Elbow flow meter measuring principle

I. Introduction

The elbow flowmeter is widely used in the measurement of liquid, gas and steam flow in petroleum, chemical, power, metallurgy, steel and other industries. It can accurately measure the flow of various fluids in a wide range of pipes from Φ10mm to Φ2000mm. The bend sensor can withstand High temperature, high pressure, normal operation in wet, dust, vibration and other harsh environments, no inserts, no additional resistance loss, simple structure, easy installation.

Second, the working principle of the elbow flowmeter

1, principle

The fluid flows in the pipeline. When flowing through the elbow, the fluid is similar to flowing through a rectifier. Due to the diversion of the curved wall, the fluid inside the fluid is accelerated about 2D before entering the elbow, and the fluid is decelerated to the outside until entering. The flow rate of the elbow fluid is rectified to approximate the trapezoidal velocity flow pattern described by the free swirling theory, and reaches the maximum at the 45[deg.] section of the elbow, this process will continue throughout the elbow. At the exit of the elbow and in the 2D range downstream, the change in the velocity model is the inverse of the import change. The velocity distribution of the elbows in the 45° cross section of each particle is shown in Figure 1.

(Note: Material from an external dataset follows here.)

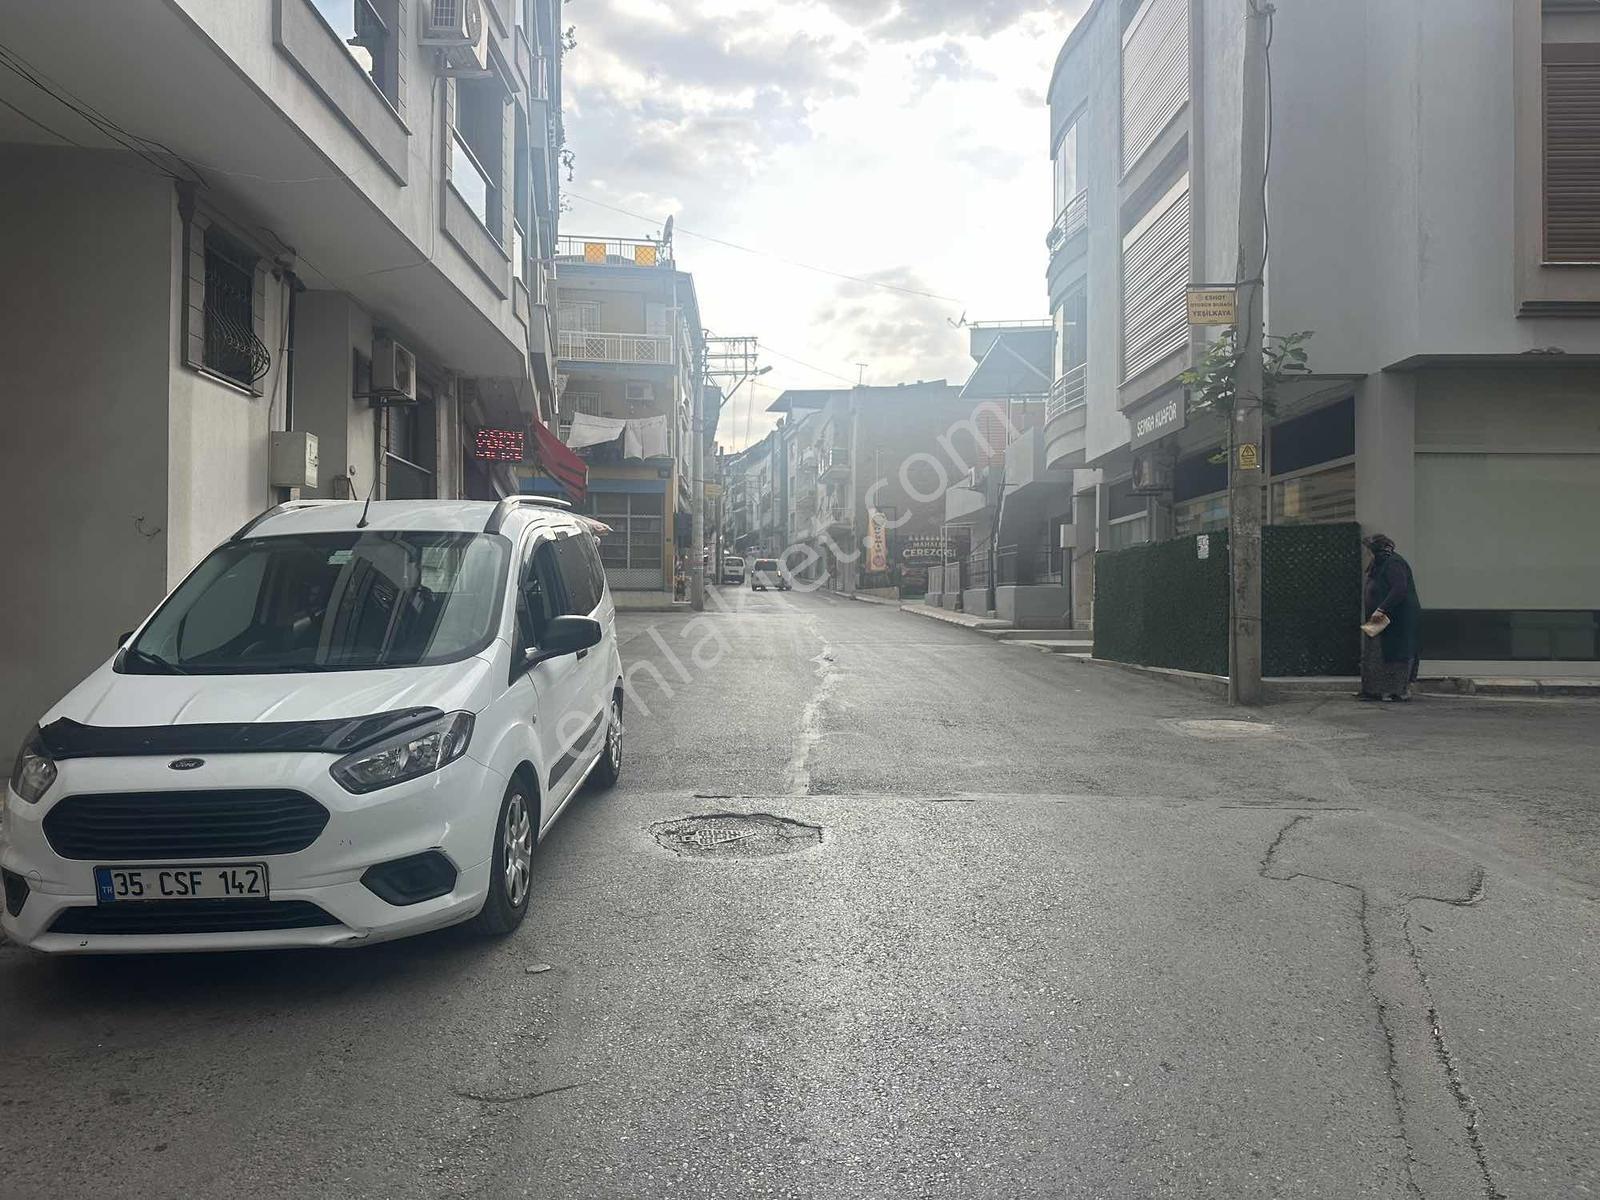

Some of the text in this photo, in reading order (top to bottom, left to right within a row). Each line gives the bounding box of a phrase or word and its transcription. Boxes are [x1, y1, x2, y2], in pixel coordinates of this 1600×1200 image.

[1136, 400, 1177, 438] SEMRA KUAFÖR
[102, 886, 113, 895] TR
[114, 869, 260, 896] 35 CSF 142

According to the law of conservation of mass, the law of conservation of energy, and the law of conservation of momentum, the energy of each particle in the same overcurrent section is constant. Due to the change of the velocity of each particle, the pressure difference ΔP between the inside and outside of the elbow is formed. This pressure difference reaches the maximum at the 45° cross section and is the most stable. The average velocity v of the fluid at the 45° elbow section is proportional to the pressure difference DP. The larger the flow, the greater the differential pressure. The flow coefficient of the fluid flowing through the elbow is closely related to the geometry of the elbow (bending radius R and internal diameter D), ie, the flow coefficient a=f(R,D). Therefore, when the geometric size of the elbow sensor is determined, As long as the inner and outer pressure difference DP of the 45° section of the elbow and the density r of the fluid are measured, the average flow velocity v of the fluid can be determined.

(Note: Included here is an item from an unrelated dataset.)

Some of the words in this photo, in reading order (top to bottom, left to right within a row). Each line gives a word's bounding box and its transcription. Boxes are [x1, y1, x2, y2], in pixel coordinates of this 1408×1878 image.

2, mathematical expressions

(1)

Where a(R.D)—flow coefficient;
DP-45 ° cross section, outside pressure difference;
D—the inner diameter of the elbow;
R—bending radius;
R—fluid density.

According to the relationship between flow velocity v and flow Q of the pipeline fluid, the following flow calculation formula can be obtained:

Q=p D2/4. V3.6r t/h (2)

Third, the composition of the measurement system

The basic composition of the elbow flowmeter includes the elbow sensor and the mainframe. It also needs to configure the differential pressure transmitter, pressure transmitter and temperature transmitter. The system composition is shown in Figure 2.

1. The differential pressure transmitter is used to detect the differential pressure value generated by the elbow sensor, so it is an indispensable accessory for the elbow flowmeter measurement system.

2. Whether the system is equipped with pressure and temperature transmitters depends on the specific measurement object. For systems that measure steam or other gaseous media, in principle, temperature and pressure transmitters must be configured because the differential pressure of the elbow sensor is measured. At the same time, the temperature and pressure of the medium must be measured in order to make necessary real-time temperature and pressure compensation for the steam or gas. See Figure 3.

Fourth, measurement system characteristics

1, the sensor structure is simple

The elbow sensor utilizes the pipe system elbow as the detection element. No additional pressure loss and special installation of throttling elements are its advantages. The elbow pressure inlet is open at 45o, and the pressure inlet structure is the same as the standard orifice plate, in two planes. The two pressure inlets are aligned so that they can be on the same line, as shown in Figure 4.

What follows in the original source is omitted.